- Opening Delimiter -
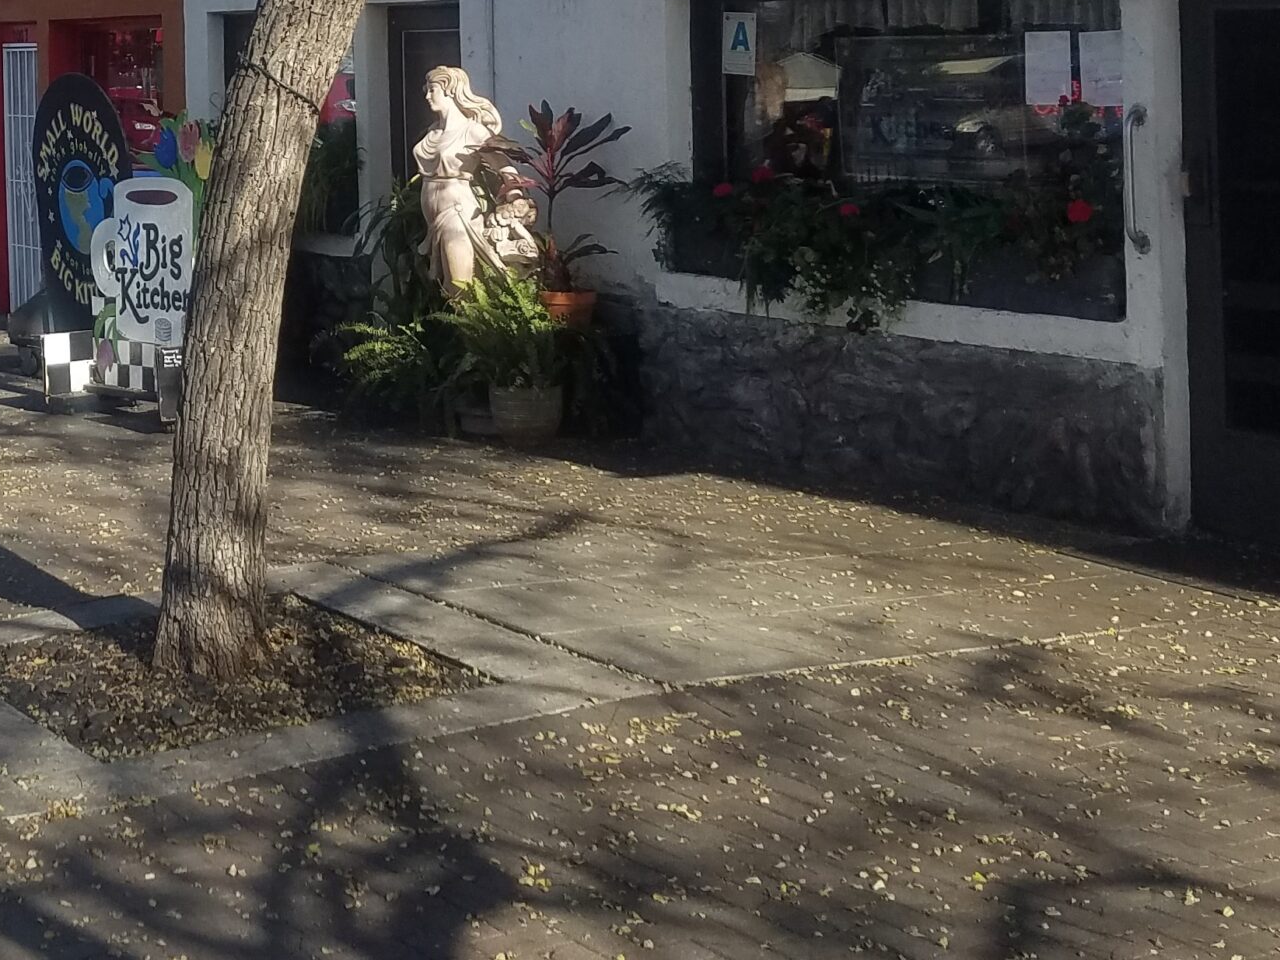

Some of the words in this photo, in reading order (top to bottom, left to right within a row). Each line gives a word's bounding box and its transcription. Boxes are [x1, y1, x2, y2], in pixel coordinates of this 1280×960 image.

[730, 21, 751, 52] A
[37, 109, 67, 182] SMALL
[70, 102, 119, 166] WORLD
[50, 246, 74, 291] BIG
[139, 222, 183, 281] Big
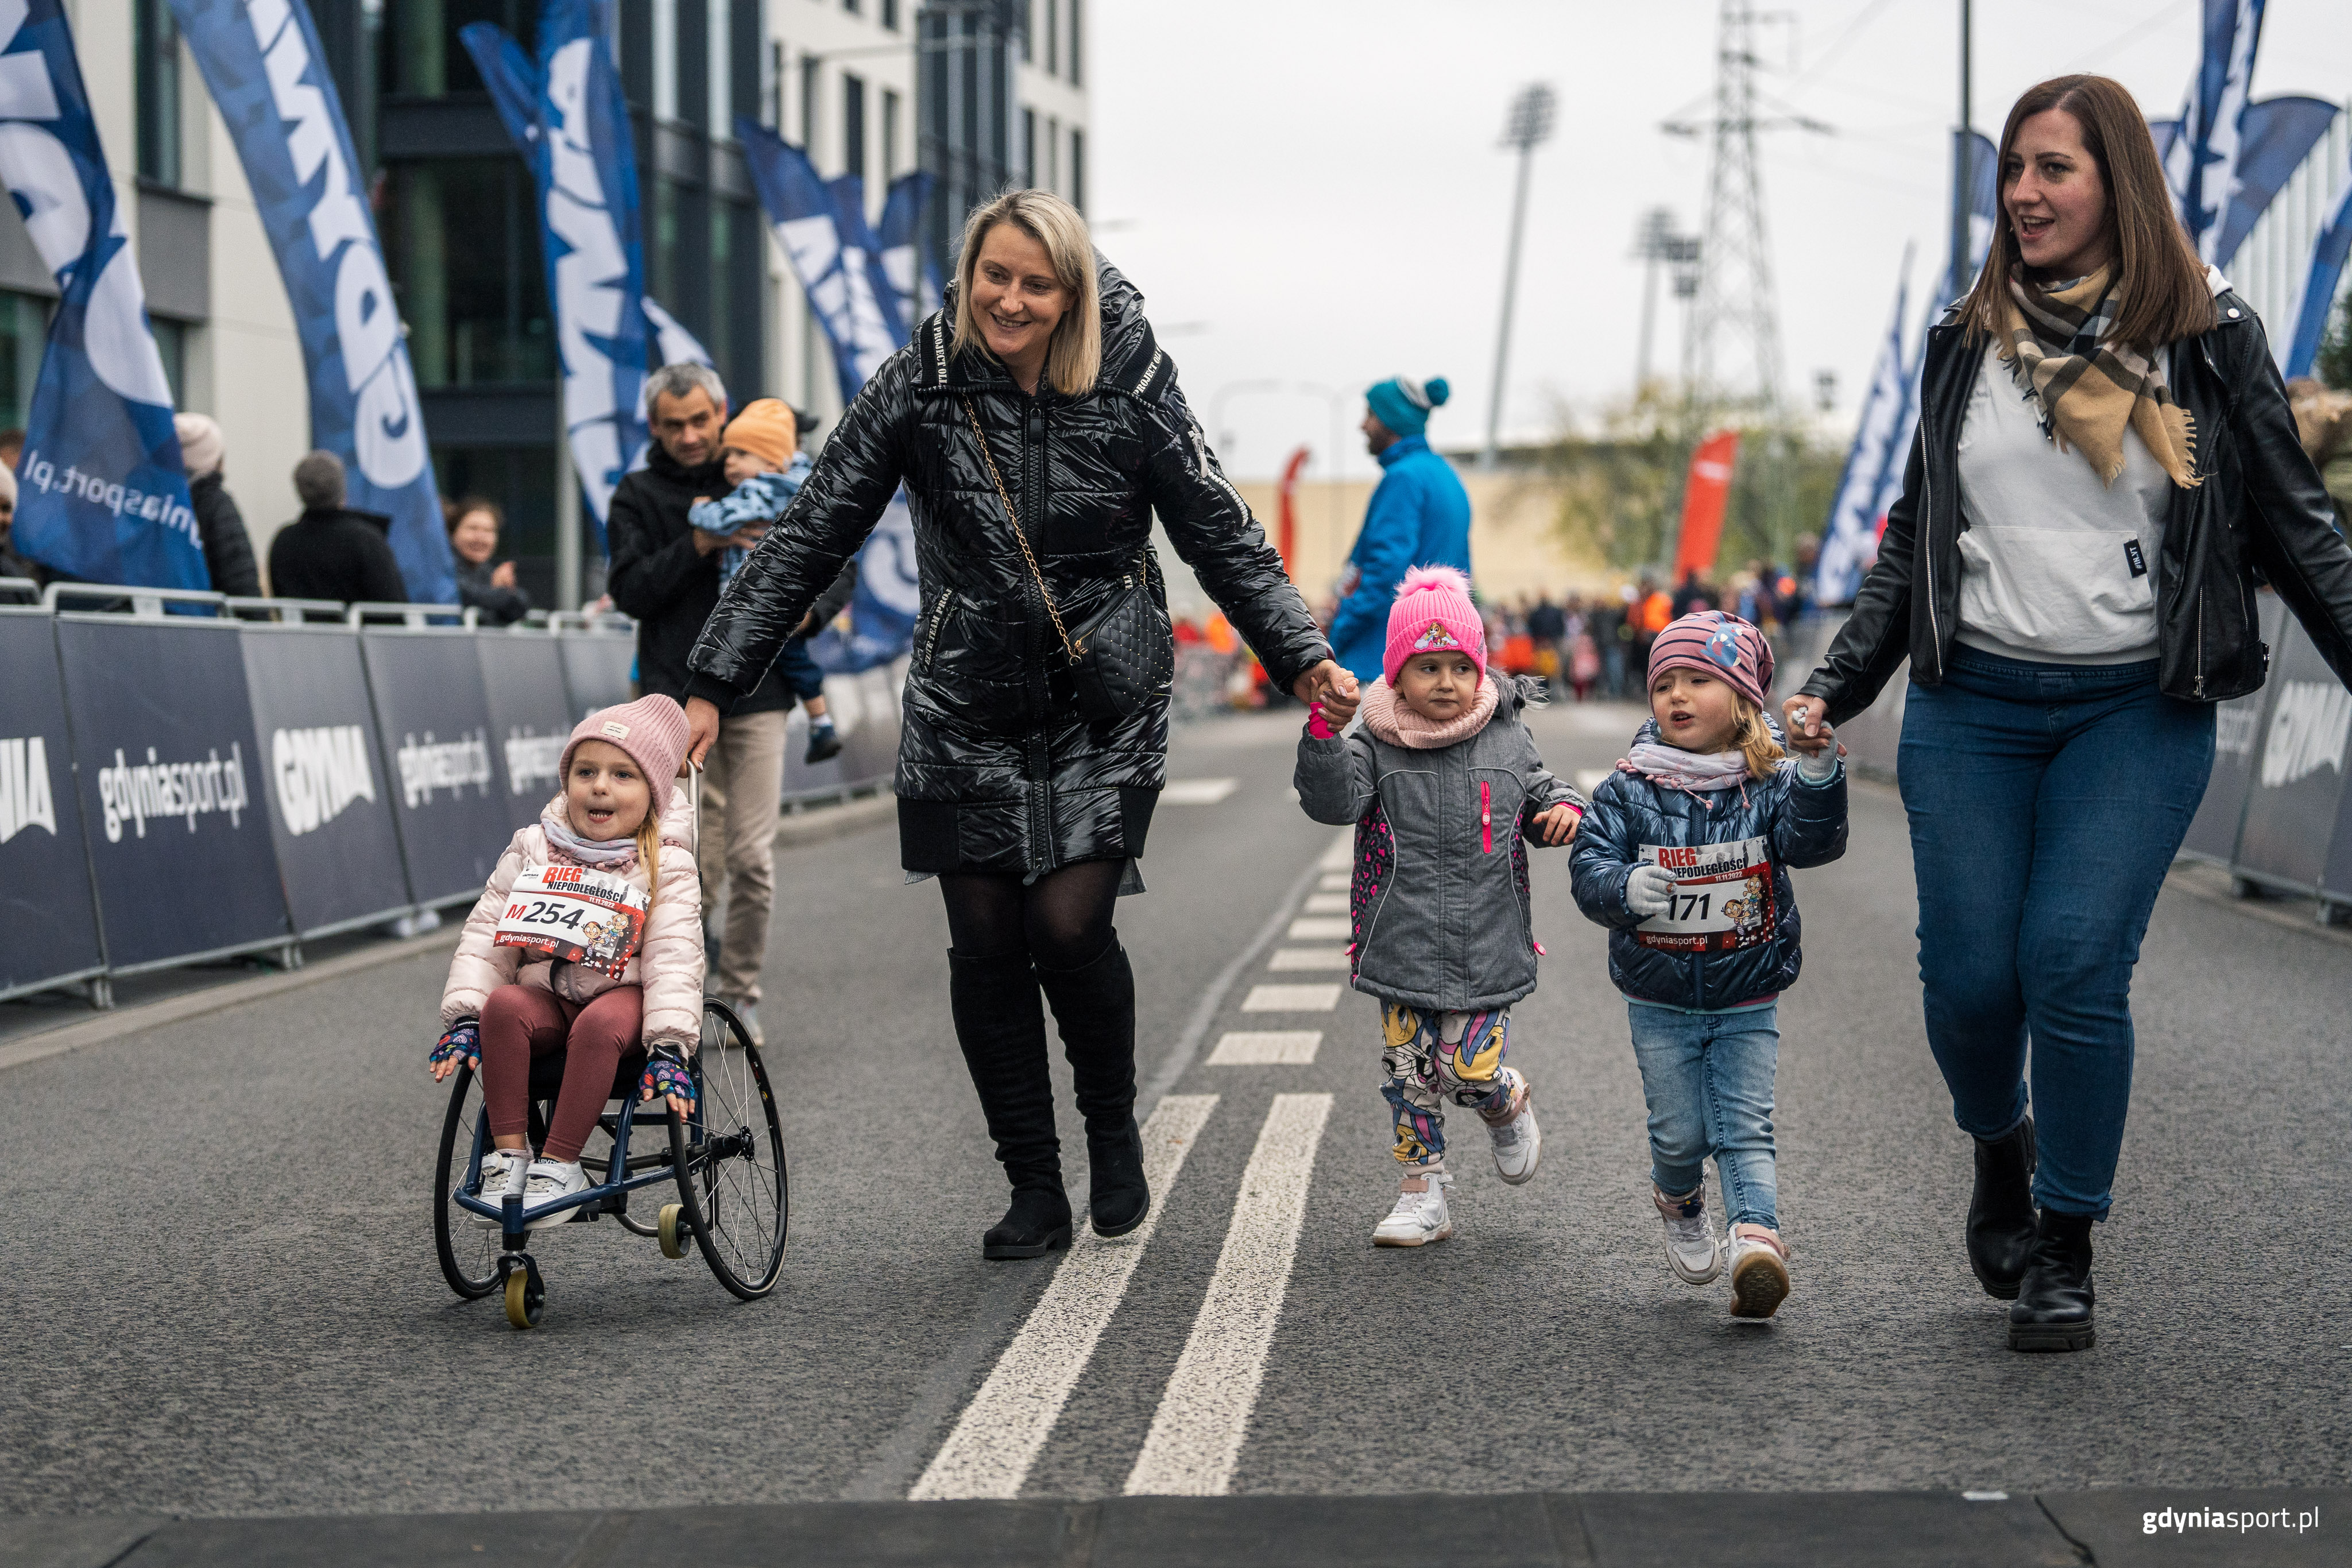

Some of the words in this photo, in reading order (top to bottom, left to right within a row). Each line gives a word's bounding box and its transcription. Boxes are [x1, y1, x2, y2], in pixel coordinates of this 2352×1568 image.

[934, 326, 946, 366] PROJECT
[1132, 363, 1156, 396] PROJECT
[929, 614, 939, 641] TEAM
[925, 641, 934, 665] ELITE
[98, 741, 249, 843] gdyniasport.pl
[272, 725, 377, 836] GDYNIA
[1658, 847, 1697, 869] BIEG
[542, 866, 583, 884] BIEG
[1715, 872, 1743, 882] 11.11.2022
[547, 881, 624, 903] NIEPODLEGŁOŚCI
[589, 896, 616, 909] 11.11.2022
[1669, 893, 1711, 921] 171
[499, 933, 560, 948] gdyniasport.pl
[1646, 935, 1708, 947] gdyniasport.pl
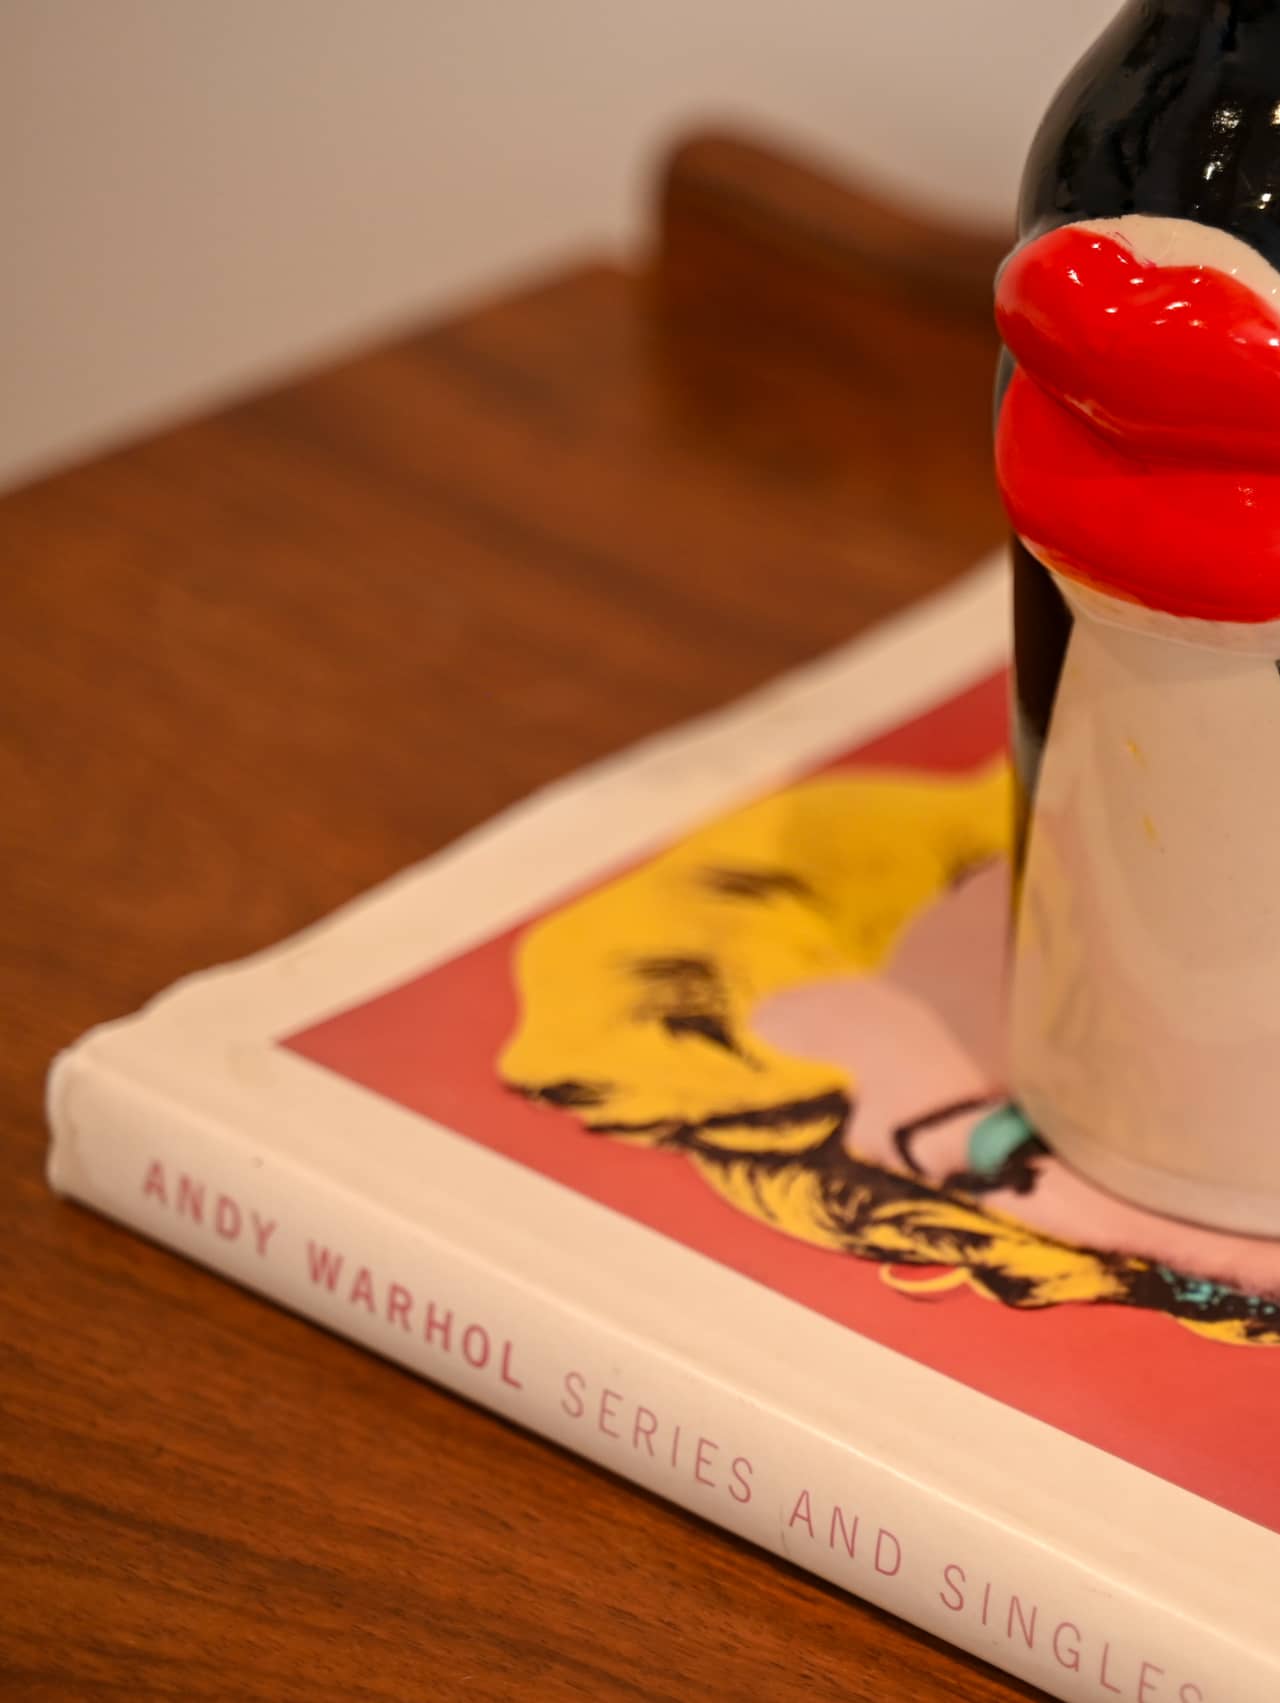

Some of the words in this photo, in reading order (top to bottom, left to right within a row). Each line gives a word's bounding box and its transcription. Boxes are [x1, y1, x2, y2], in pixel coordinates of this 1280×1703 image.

[143, 1159, 278, 1258] ANDY
[306, 1239, 524, 1391] WARHOL
[559, 1370, 754, 1504] SERIES
[787, 1489, 902, 1577] AND
- Closing Delimiter -
Your answer should be a precise transcript of the entries, minus the pictures.

=== Solution ===
Some of the words in this photo, in reading order (top to bottom, left to right within a row). Each line gives a word's bounding box and its transcription. Boxes are [x1, y1, x2, y2], in pixel coordinates of this 1280×960 image.

[730, 21, 751, 52] A
[37, 109, 67, 182] SMALL
[70, 102, 119, 166] WORLD
[50, 246, 74, 291] BIG
[139, 222, 183, 281] Big

Some of the words in this photo, in reading order (top to bottom, left to right within a row). Each line gives a word's bounding box and its transcription. Boxes are [x1, y1, x2, y2], in pixel coordinates of this 2352×1568 image.

[934, 326, 946, 366] PROJECT
[1132, 363, 1156, 396] PROJECT
[929, 614, 939, 641] TEAM
[925, 641, 934, 665] ELITE
[98, 741, 249, 843] gdyniasport.pl
[272, 725, 377, 836] GDYNIA
[1658, 847, 1697, 869] BIEG
[542, 866, 583, 884] BIEG
[1715, 872, 1743, 882] 11.11.2022
[547, 881, 624, 903] NIEPODLEGŁOŚCI
[589, 896, 616, 909] 11.11.2022
[1669, 893, 1711, 921] 171
[499, 933, 560, 948] gdyniasport.pl
[1646, 935, 1708, 947] gdyniasport.pl

Some of the words in this photo, in reading order (top to bottom, left to right within a row). Each line gives a word's bounding box and its transcription. Boxes are [x1, y1, x2, y2], in pixel coordinates of this 1280×1703 image.

[143, 1159, 278, 1258] ANDY
[306, 1239, 524, 1391] WARHOL
[559, 1370, 754, 1504] SERIES
[787, 1489, 902, 1577] AND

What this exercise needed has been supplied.